Following some small talk with a self-acclaimed “brainless” creature she and the Scarecrow were off to Oz. Did you ever wonder why they chose to go in the direction they did? As luck would have it, they chose the right” road because it did lead to the Emerald City. But, how do we know that the two roads she didn’t choose might have also ended up at the gates of the Emerald City? Considering the ardor of her journey, might the roads not traveled have been better for her? Had she chosen to follow either of the other roads she would more likely than not have ever met the Tin Man and the Lion. But…who knows who she might have met.

Aren’t we all like Dorothy? We are told to go and live our lives. We set out on a road that is usually straight and narrow. It’s not until we come to an intersection when we have to make a decision. Which road do we take? Unlike Frost’s poem where the traveler has to choose one of two roads that diverged in the woods, our choices are not always that limited. And as we get older we realize there are consequences that go along with the road we choose.

I fear that when it comes to politics our roads are Frostian.

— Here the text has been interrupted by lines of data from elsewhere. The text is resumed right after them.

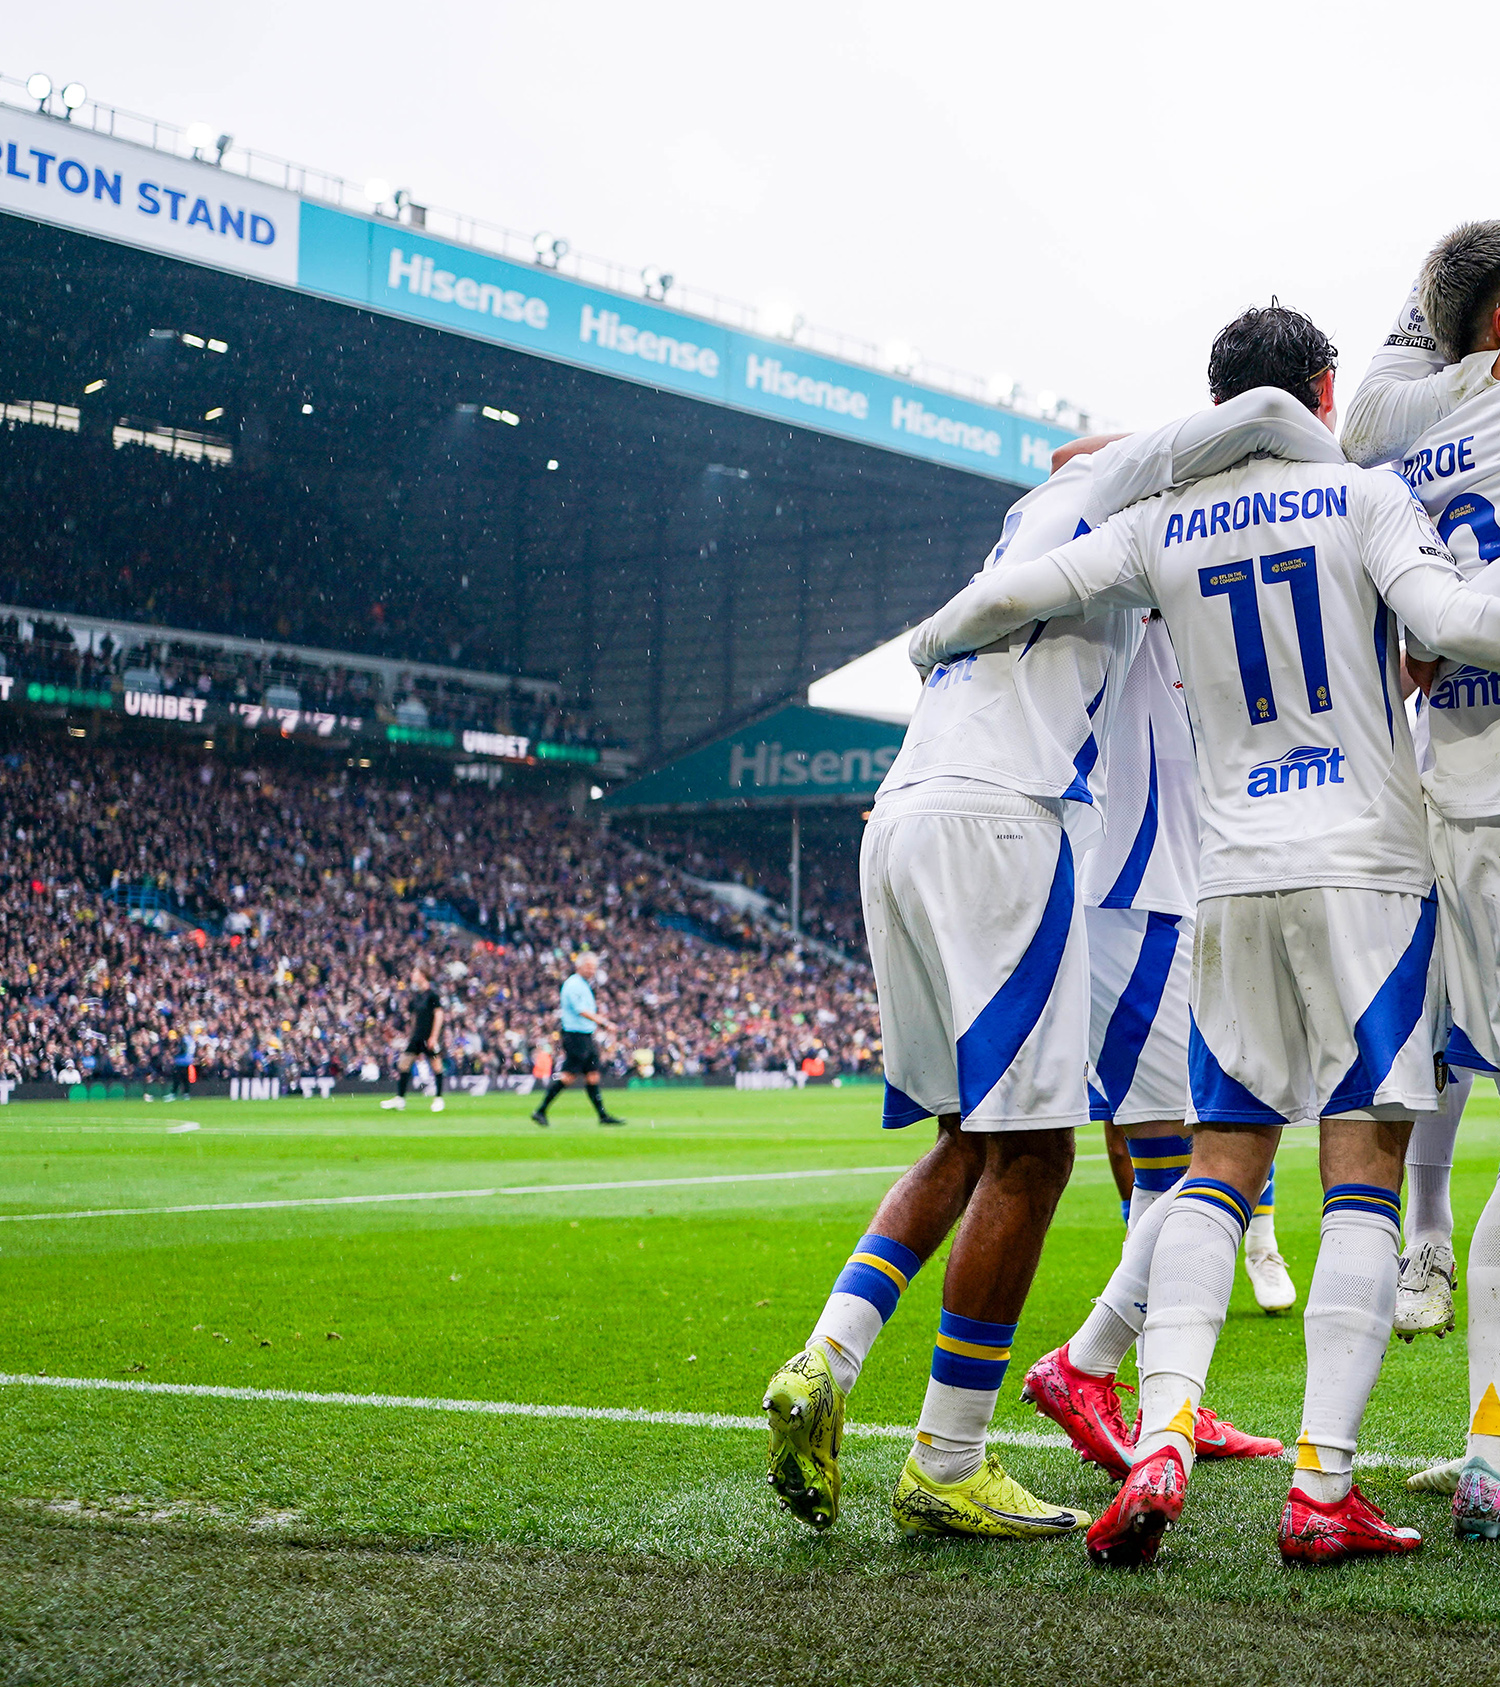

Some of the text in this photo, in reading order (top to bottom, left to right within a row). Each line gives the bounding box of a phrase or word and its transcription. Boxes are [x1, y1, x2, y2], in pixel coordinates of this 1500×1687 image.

[0, 142, 276, 246] LTON STAND
[388, 248, 550, 330] Hisense
[579, 303, 720, 379] Hisense
[1407, 322, 1422, 333] EFL
[745, 352, 869, 420] Hisense
[891, 395, 1000, 457] Hisense
[1164, 485, 1348, 548] AARONSON
[1197, 545, 1334, 726] 11
[124, 690, 207, 723] UNIBET
[728, 742, 900, 788] Hisens
[1246, 747, 1345, 798] amt
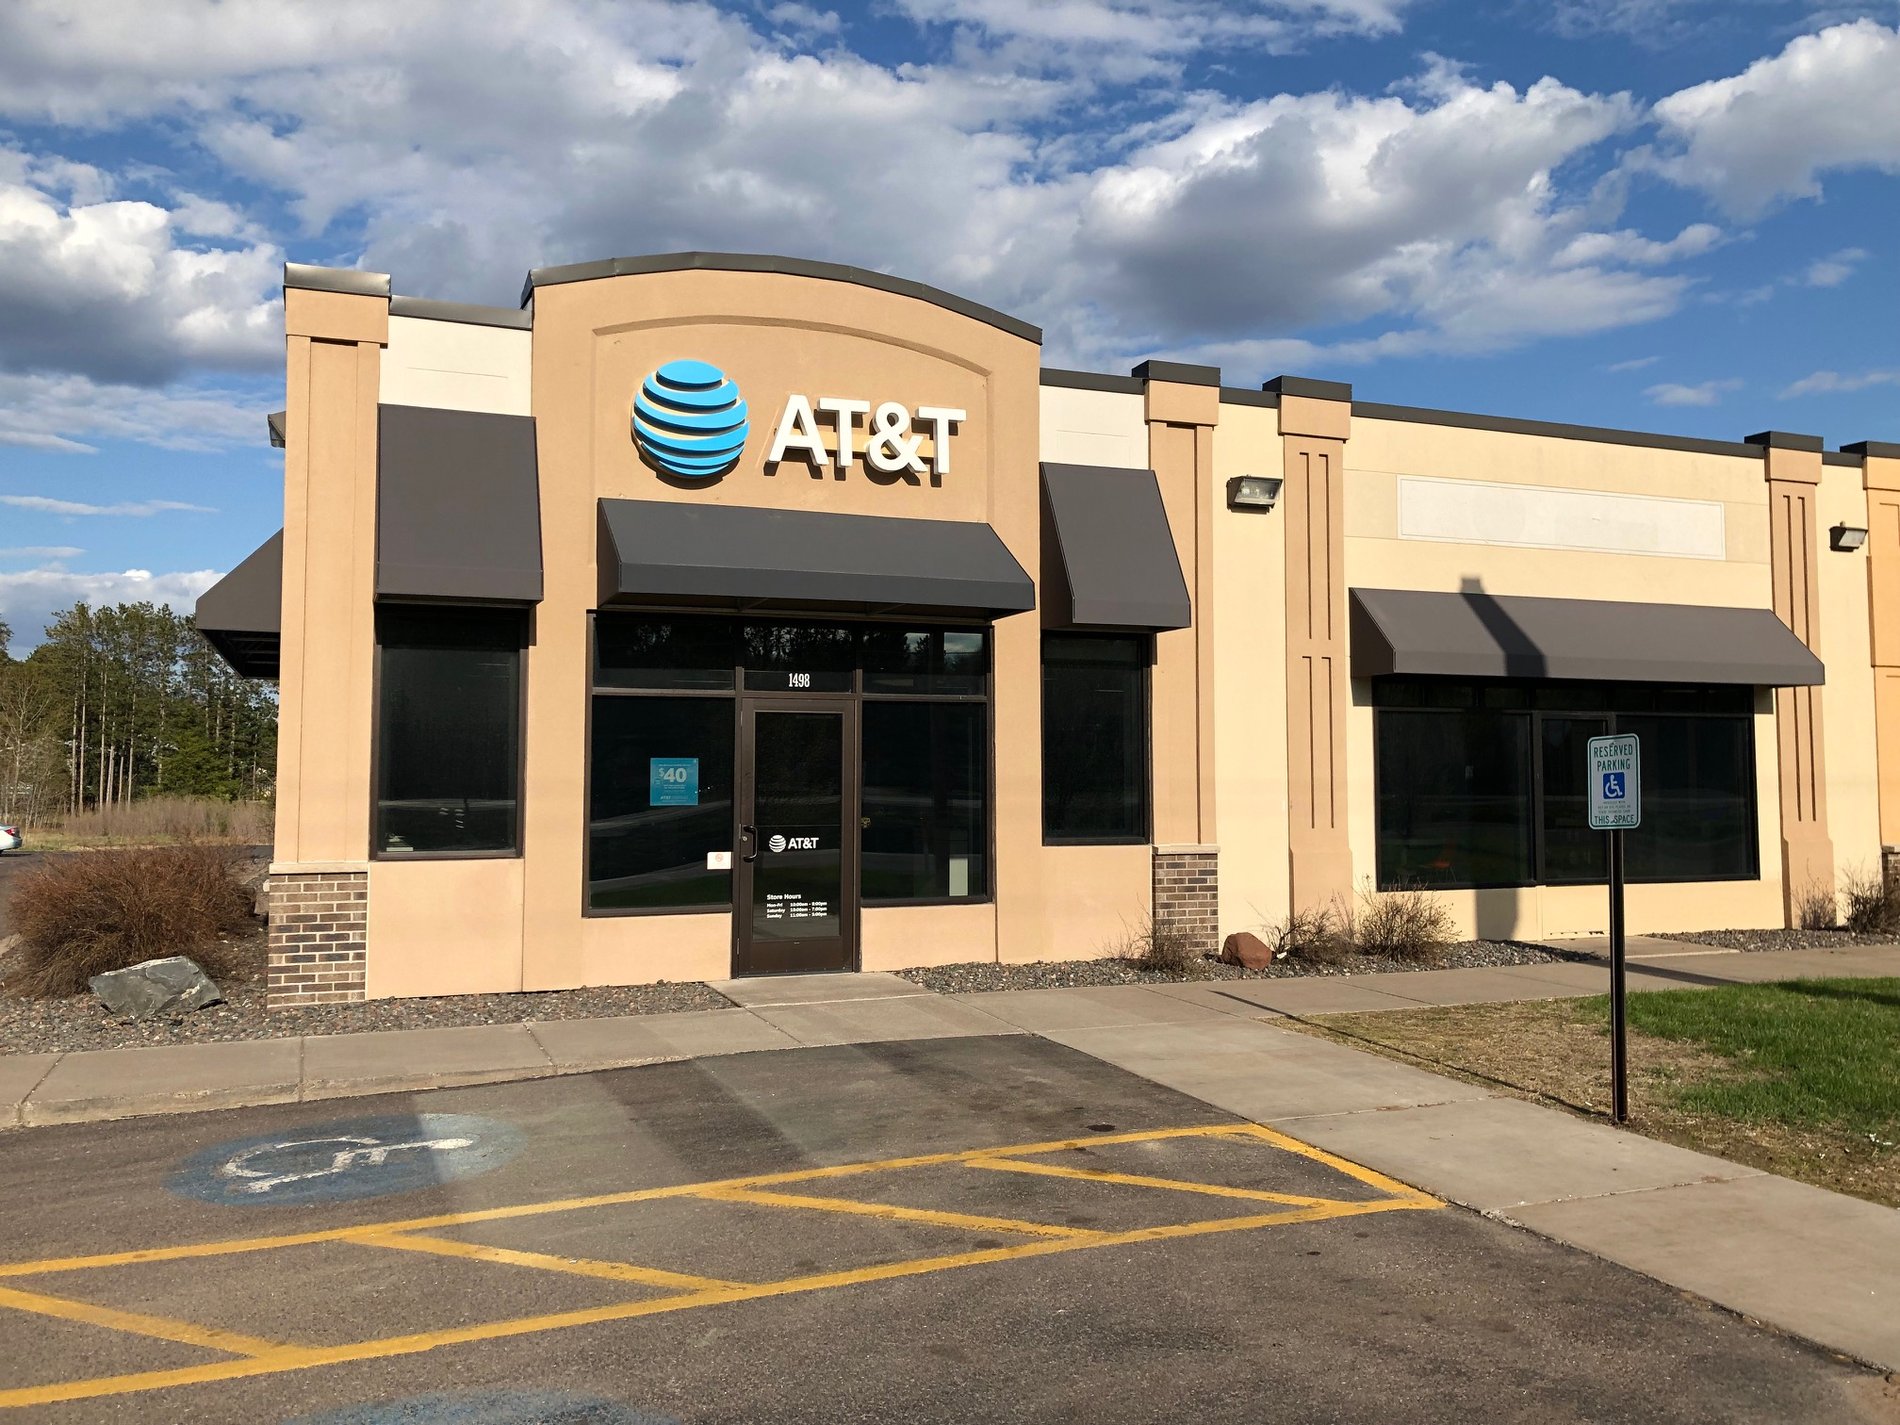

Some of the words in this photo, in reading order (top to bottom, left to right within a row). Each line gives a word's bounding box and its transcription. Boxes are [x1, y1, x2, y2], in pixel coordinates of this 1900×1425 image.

[768, 394, 967, 475] AT&T
[788, 673, 810, 687] 1498
[1593, 744, 1633, 758] RESERVED
[1597, 759, 1631, 771] PARKING
[658, 767, 687, 783] $40
[1594, 815, 1610, 825] THIS
[1613, 814, 1635, 824] SPACE
[788, 837, 819, 849] AT&T
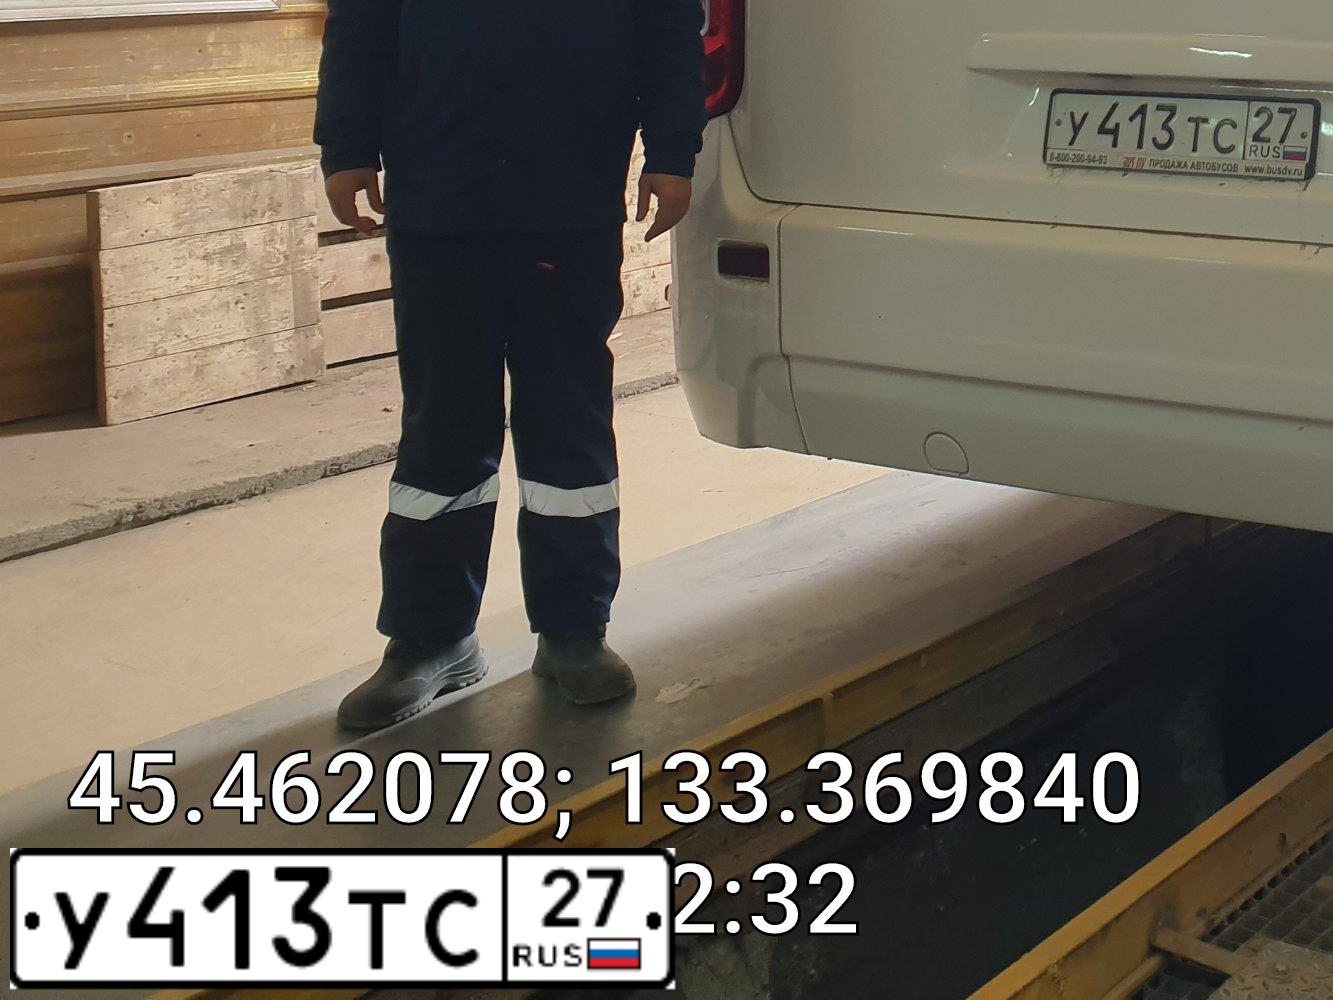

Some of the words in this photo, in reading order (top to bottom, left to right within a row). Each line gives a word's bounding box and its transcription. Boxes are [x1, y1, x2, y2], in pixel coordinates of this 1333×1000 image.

[1251, 106, 1297, 146] 27
[1248, 144, 1281, 159] RUS
[1149, 158, 1188, 170] ПРОДАЖА
[1190, 160, 1239, 173] АВТОБУСОВ
[1244, 164, 1303, 177] www.busdv.ru
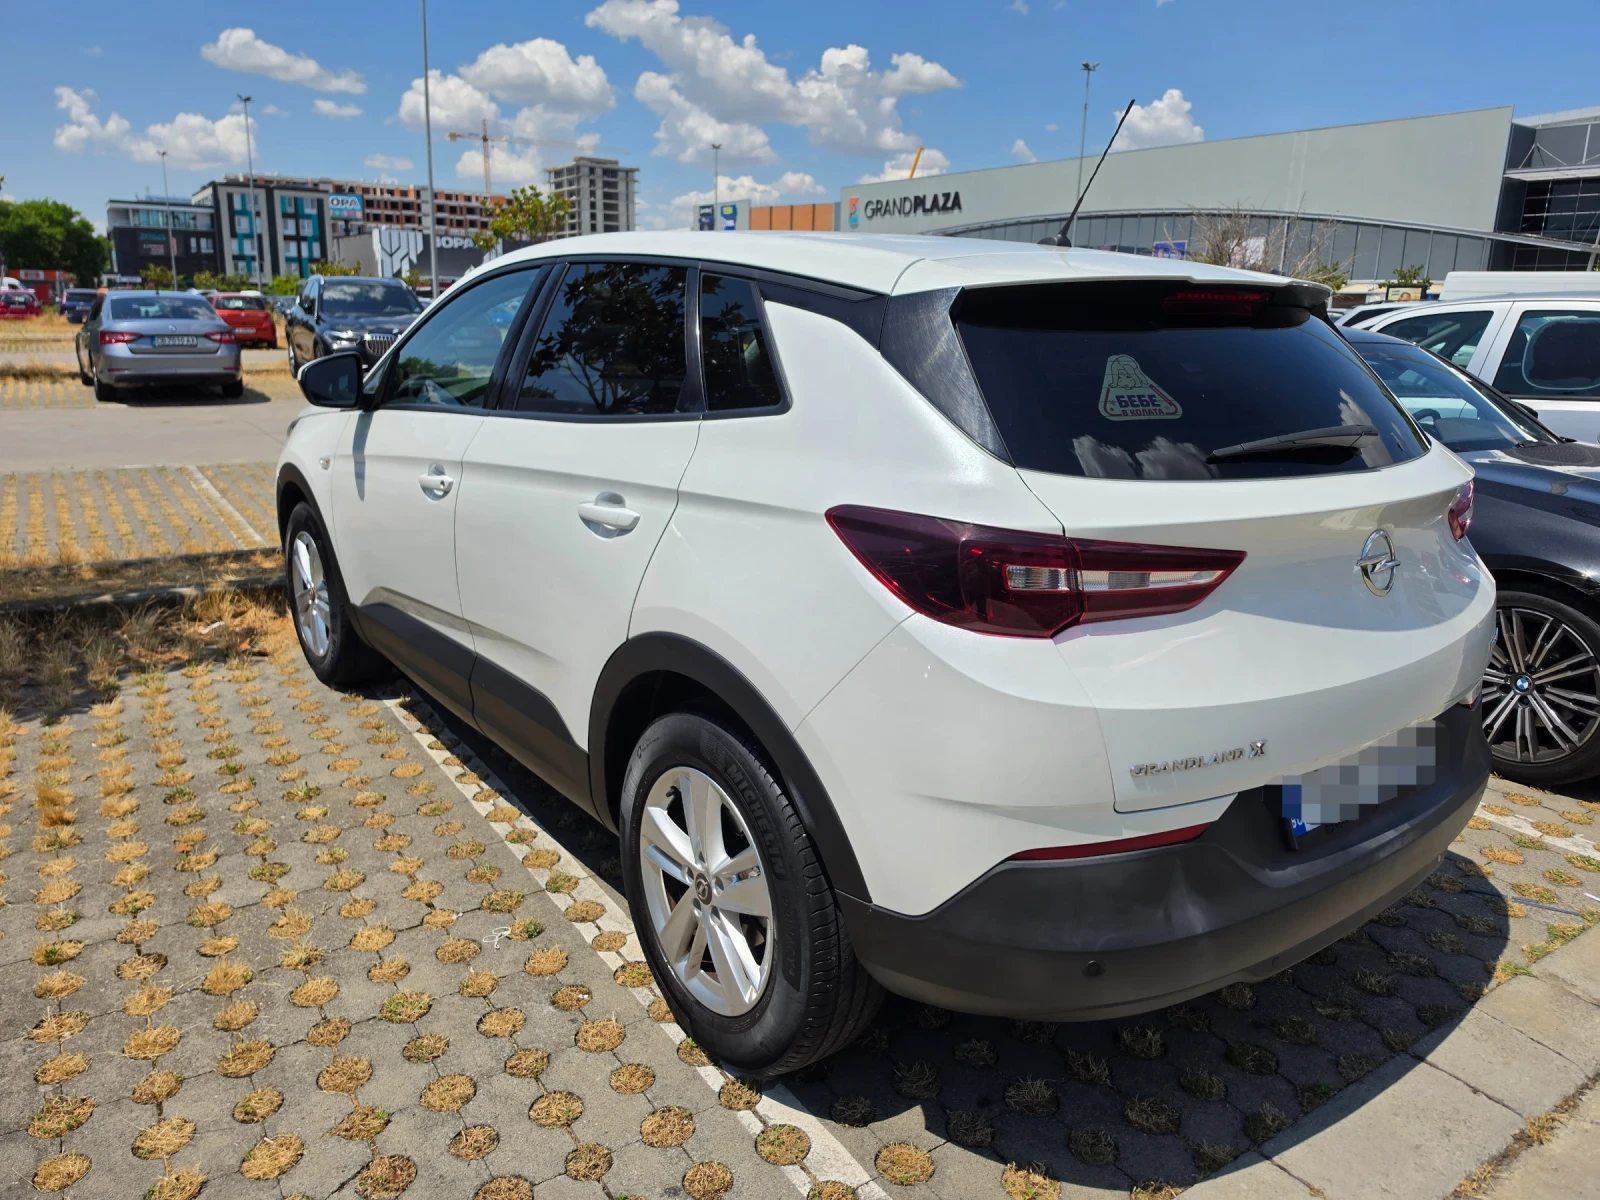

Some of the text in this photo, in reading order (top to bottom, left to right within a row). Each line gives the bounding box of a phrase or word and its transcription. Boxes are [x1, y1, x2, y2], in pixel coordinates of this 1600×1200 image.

While we are not forced to take one political road over another, we are limited. For some reason taking the left road puts us on the Democratic path, while going right we are following the Republican path.,

As long as I can remember, it did matter what political path you chose. In fact people identified with the road. They would die on that road. They would support any candidate of that road’s persuasion…no matter who or what. They would grow to loathe those people who elected to choose the other road.

I am not stuck on the intersection. I just have chosen not to choose one of the two roads because it seems that once your choose a road you must pay full and total allegiance to all that road stands for.

And that I think is why both of the big roads lead to hell. Because people are either following the Democrat Brick Road or the Republican Brick Road they are blinded by the light.

Did I ever think Trump was worthy of the office of President of the United States? No. Did I think Hillary Clinton was worthy? Not so much. The only difference between the two of them, for me at least, had to do with their character. I didn’t trust either of them as political leaders because I personally don’t believe in any politician. I think all of them are full of BS. They are consumed by power and control.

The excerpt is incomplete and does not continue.